Given entries section start

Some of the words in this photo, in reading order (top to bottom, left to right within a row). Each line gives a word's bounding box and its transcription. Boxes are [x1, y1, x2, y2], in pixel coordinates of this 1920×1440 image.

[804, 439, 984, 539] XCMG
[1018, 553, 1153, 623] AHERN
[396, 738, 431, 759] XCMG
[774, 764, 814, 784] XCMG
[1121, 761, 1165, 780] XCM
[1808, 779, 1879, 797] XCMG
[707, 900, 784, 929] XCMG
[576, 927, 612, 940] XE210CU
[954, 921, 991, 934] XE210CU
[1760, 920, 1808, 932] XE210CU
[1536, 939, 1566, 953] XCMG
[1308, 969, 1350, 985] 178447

Given entries section end

Activity -> Give back each line above exactly as written.

Task response ->
Some of the words in this photo, in reading order (top to bottom, left to right within a row). Each line gives a word's bounding box and its transcription. Boxes are [x1, y1, x2, y2], in pixel coordinates of this 1920×1440 image.

[804, 439, 984, 539] XCMG
[1018, 553, 1153, 623] AHERN
[396, 738, 431, 759] XCMG
[774, 764, 814, 784] XCMG
[1121, 761, 1165, 780] XCM
[1808, 779, 1879, 797] XCMG
[707, 900, 784, 929] XCMG
[576, 927, 612, 940] XE210CU
[954, 921, 991, 934] XE210CU
[1760, 920, 1808, 932] XE210CU
[1536, 939, 1566, 953] XCMG
[1308, 969, 1350, 985] 178447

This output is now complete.